上手く構築できなかった関係に後から悔やんでも取り戻せないものがほとんどで、空虚な気分となるものだ。
虎白とアルテミシアは互いの実力を認め合い、惹かれ合っている。
冥王の命令に従って捕獲して帰りたい女帝と生き残って未来へ進みたい神族との間にある考え方の違いによって敬意を払いながらも殺し合うという奇妙な行為を行っているのだ。
両者の凄まじい剣技によってかすり傷が増えていく中で譲れないものを守るために必死に戦っている。
「天上界に所属してやり直せ!!」
「周りを見ろ虎白。 我が兵が取り囲んでいる。 どうして私だけがそんな事を。」
アルテミシアは数万もの不死隊を束ねる女帝なのだ。
天上界にまで攻め込んできたのも冥王の命令とはいえ、全ては自身の責任で数万もの精鋭を率いてきた。

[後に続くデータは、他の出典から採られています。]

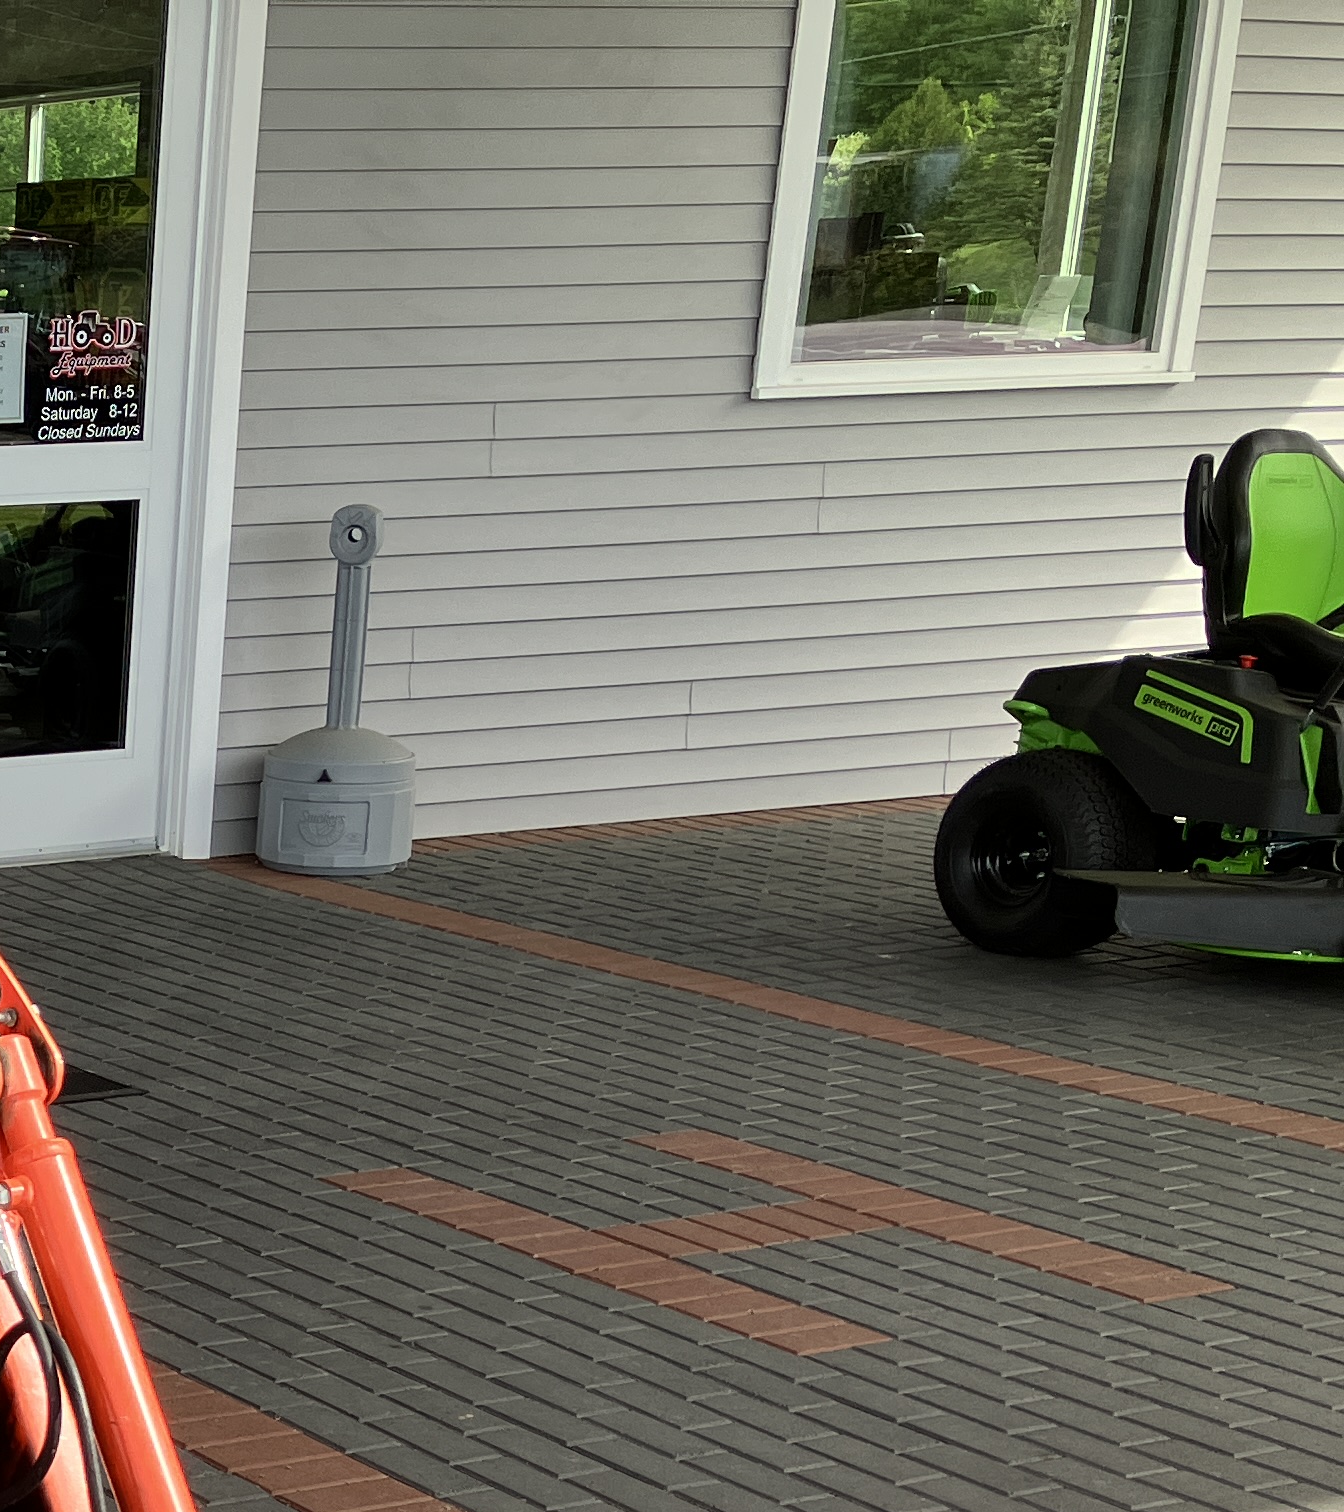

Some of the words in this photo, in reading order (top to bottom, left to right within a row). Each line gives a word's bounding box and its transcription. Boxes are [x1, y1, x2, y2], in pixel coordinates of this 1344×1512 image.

それを今更になって虎白に惹かれたから全て放棄するという発想はこの気高き女帝にはないのだ。
だが心中でいっその事、部下の将軍に全てを託してこの魅力的な神族についていきたいという葛藤とも戦っていた。
それを理解してか無意識でか虎白は彼女への説得を止めようとはしなかった。
「じゃあお前は死んだ事にしてこっそり逃げよう。」
「悪いな虎白。 私もお前を生け捕りにするのは心苦しいがこれが定め。 何かが違えばお前とは良い関係になれたと思っている。」
一見すれば女の様にも見えて、細身の体だが鋭い瞳をしている。
狡猾で神経質そうにも見える顔立ちだが鋭い瞳はまるで子供の様に輝いているこの神族には何が見えているのか。
それを近くで見てみたいと思いながらも科せられた命令に従い、虎白を捕獲しなくてはならない。
数万もの不死隊を連れてきたアルテミシアの義務なのだ。
説得を繰り返す虎白の腹部に鋭い肘打ちをすると、顔元に鋭い蹴りを入れた。
のけぞった虎白は振りかざされた剣を受け止めて刀を振るった。
だがそれすらも女帝は簡単に受け流して両者はまたしても見つめ合った。
「そろそろ覚悟を決める時だな。 お前が倒れるか私を殺してみせるか。」
「悪いが捕まるわけにはいかない・・・」
「では決着をつけよう。 生け捕りの理由は私も知らないが殺されはしないはずだ。」
認め合う両雄が語り合う一方で竹子と優子は追い詰められながらも虎白の勝利を信じて既に限界を越えている。
だがもう長くは保たないという事も明白。
大切な二人を死なせないためにも虎白はここで決着をつける他なかったのだ。
刀を力強く握ると、一歩前に出て斬り込んだ。
「第六感!!」
「やはり使えたか。 だが私もだぞ虎白、第六感。」
周囲の音や時の流れが遅く感じる世界の中で斬り合う両者は二人だけの空間にいるかの様だ。
鋭い刀と剣が交差する中でアルテミシアが片方の剣を突き立てた。
だが同時に虎白も刀を突き立てて女帝の腹部へと刃が迫った。
そしてその時は来た。
剣は虎白の横腹をかすめて、刀はアルテミシアの腹部を貫いた。
「お前にもっと違う形で出会いたかった・・・」
「ど、同感だ、虎白・・・さ、最後に一つ頼みがある・・・」
甲板で響き渡っていた喧騒が一瞬にして静まり返り、誰もの視線が女帝と神族へと向いた。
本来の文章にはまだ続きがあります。